Taking this position, the President, LCCI, Mrs Toki Mabogunje, in a statement made available to Vanguard yesterday, stated: “The crisis has crippled many private and public investments across the nation. Several businesses and investors in affected areas are currently counting their losses. Many households have lost their means of livelihoods, while some have been displaced.”
Mabogunje further noted that the destruction of farmlands across the country has continued to disrupt agricultural sector while piling pressure on food inflation.
She stated: “These have severe implications for food production and food distribution from farms to markets. We recognize insecurity as a major driver of the persistent increase in food inflation in recent years.
The worsening security situation will trigger further inflationary pressure on food prices thus exacerbating the poverty conditions in the country. This alarming state of insecurity in the country has hampered the movement of goods, services, and persons across the country, with implications for agriculture, agro-allied services, trade and commerce especially in affected areas.”
According to her, “The crisis projects the Nigerian economy as an unsafe investment destination, and if unaddressed, would thwart government’s efforts in encouraging private investment inflows into the economy at a time the economy is in dire need of massive investments to bolster growth recovery, create jobs and alleviate poverty.
“The worsening security situation also impacts the fiscal position of government by making policy makers incur unplanned (unbudgeted) security-related expenditure at the detriment of infrastructural development expenditure. This could worsen 2021 actual fiscal deficit levels amid fragility in revenue growth from oil and non-oil sources.”
On the way forward, LCCI calls for decentralisation of the nation’s security ecosystem.

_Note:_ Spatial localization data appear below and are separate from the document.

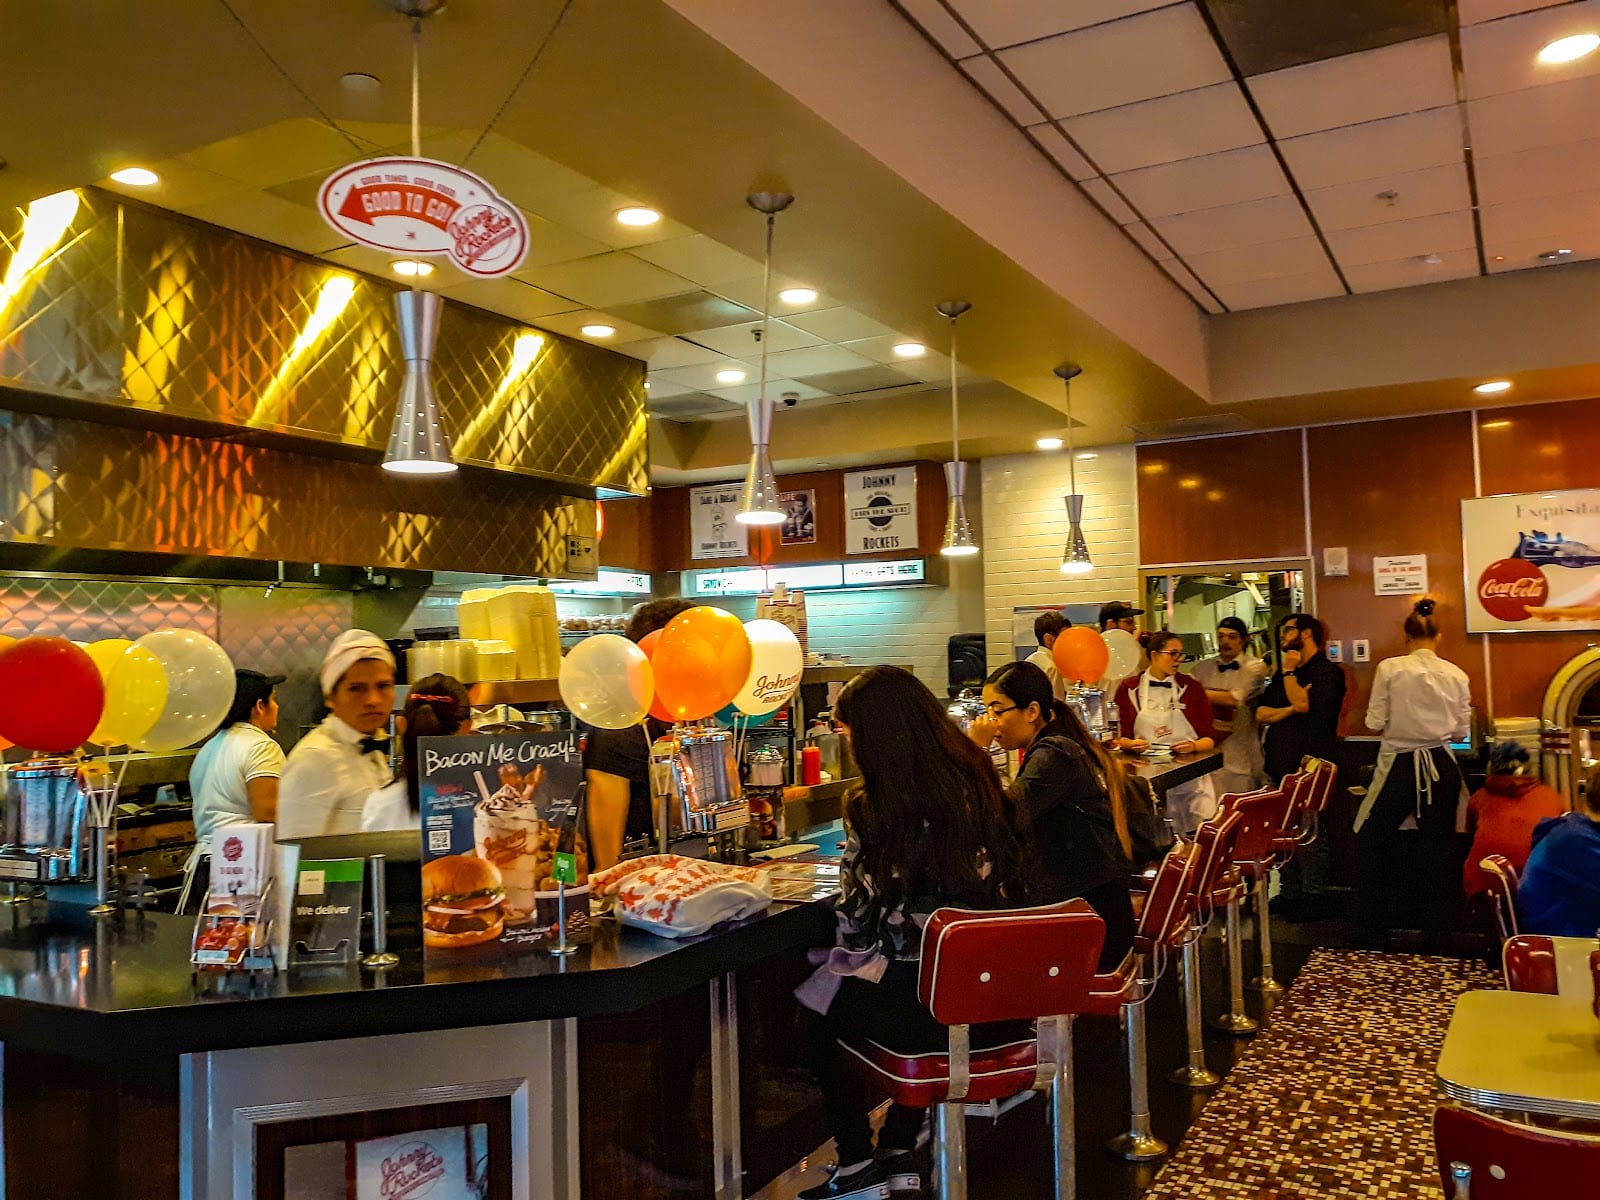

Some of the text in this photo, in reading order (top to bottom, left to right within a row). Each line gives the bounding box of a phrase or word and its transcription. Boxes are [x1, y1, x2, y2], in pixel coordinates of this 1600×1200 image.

[361, 191, 453, 223] GOOD TO GO!
[863, 474, 897, 489] JOHNNY
[863, 535, 899, 550] ROCKETS
[487, 743, 514, 766] Me
[518, 733, 576, 763] Crazy!
[296, 904, 351, 916] We deliver

“We believe decentralizing the security eco-system would help stem the rising tide as it enables other levels of government take key security-related decisions and initiatives within their domain.

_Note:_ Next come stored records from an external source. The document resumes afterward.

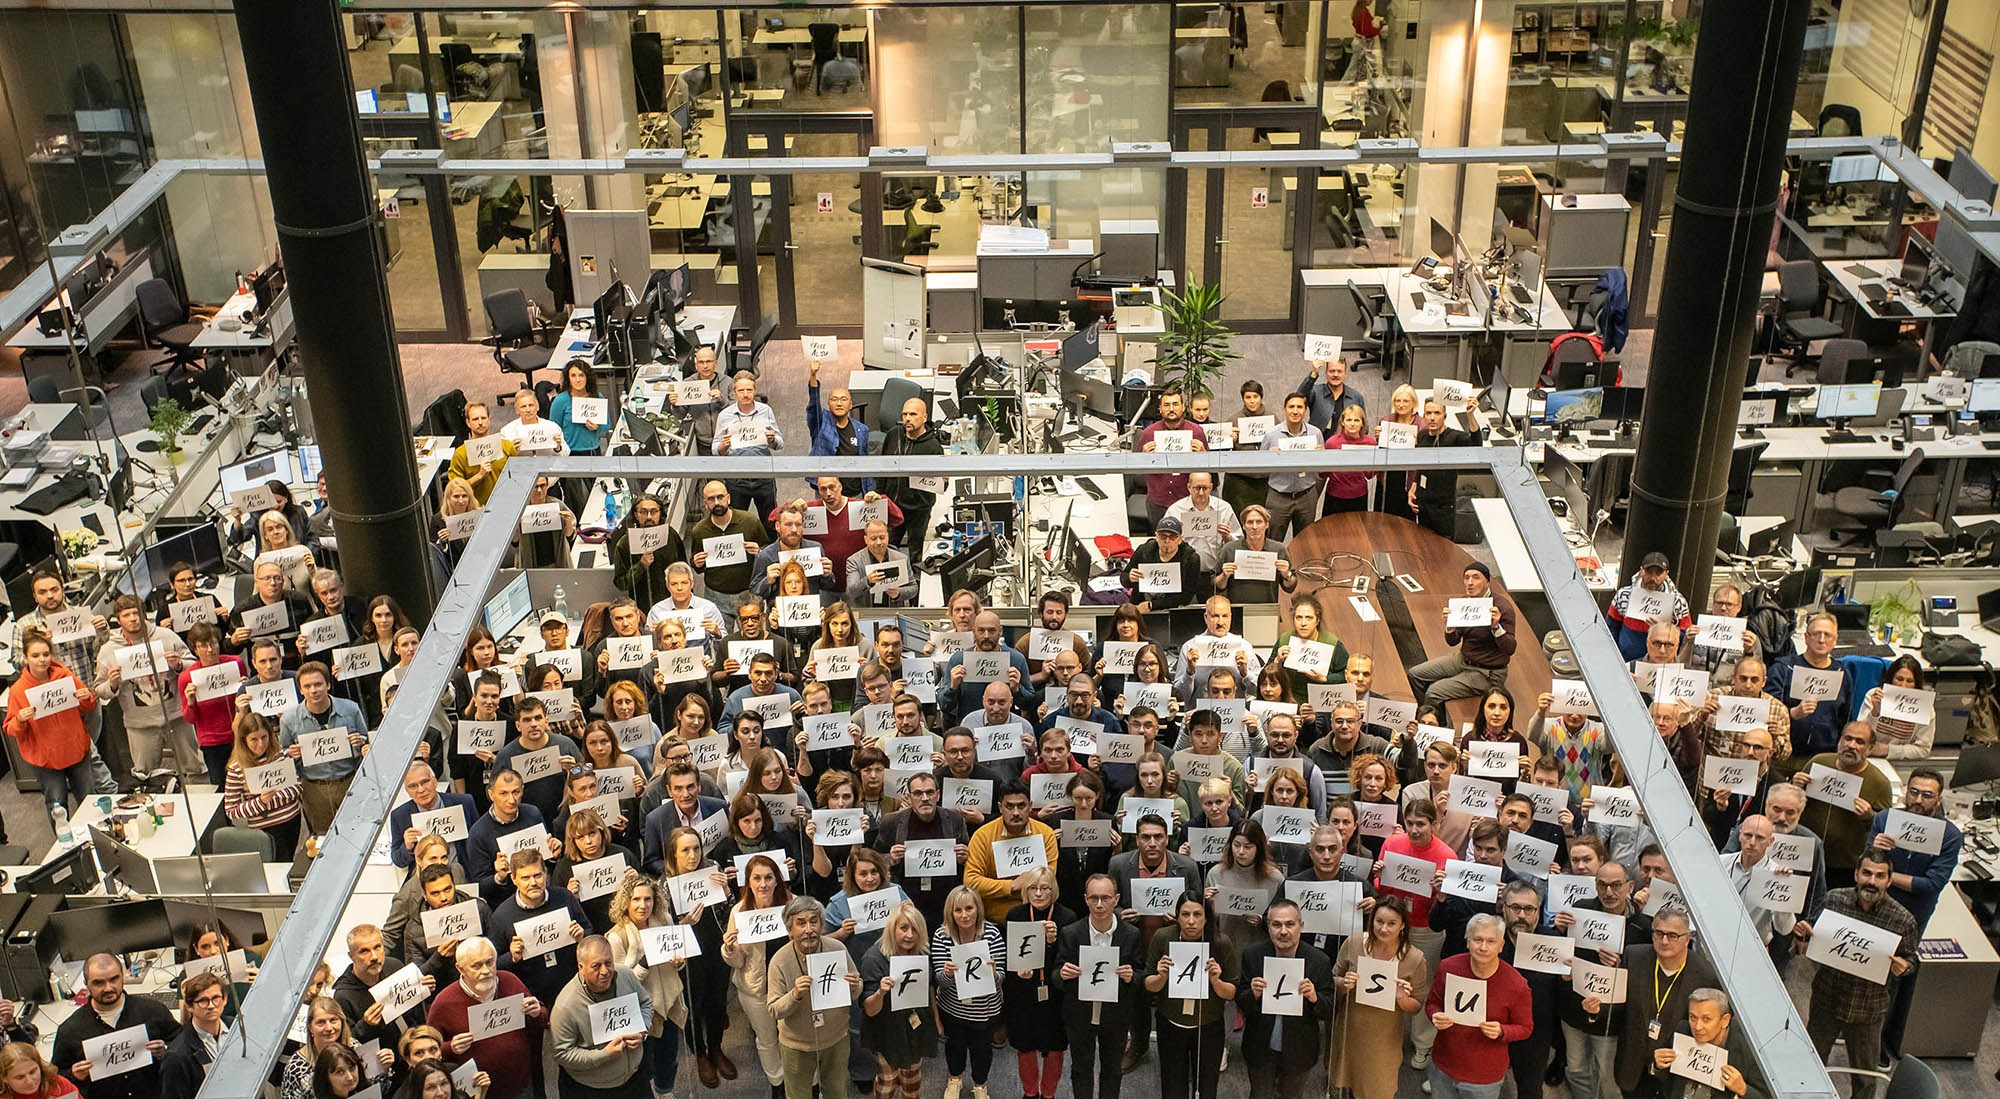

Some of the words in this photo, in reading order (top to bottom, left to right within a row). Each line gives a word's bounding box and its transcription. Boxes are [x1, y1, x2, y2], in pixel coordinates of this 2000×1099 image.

[1512, 853, 1539, 866] ALSU
[1771, 851, 1800, 860] ALSU
[1457, 880, 1485, 892] ALSU
[1301, 901, 1328, 912] ALSU
[1018, 935, 1036, 958] E
[1829, 942, 1870, 965] ALSU
[818, 962, 837, 995] #
[966, 957, 982, 982] R
[1090, 962, 1109, 986] E
[1177, 956, 1200, 984] A
[898, 969, 923, 996] F
[1273, 974, 1292, 1000] L
[1365, 974, 1387, 993] S
[1455, 991, 1480, 1013] U
[106, 1050, 135, 1067] ALSU

“LCCI enjoins the executive arm of government to liaise with the legislative arm to take security out of the exclusive list of the Nigerian Constitution and include it in the concurrent list. The sub nationals need to play more active roles in the restoration of peace in our country through the creation of a security machinery and architecture that would be controlled by them, subject of course to certain guidelines, especially regarding the rules of engagement,” Mabogunje stated.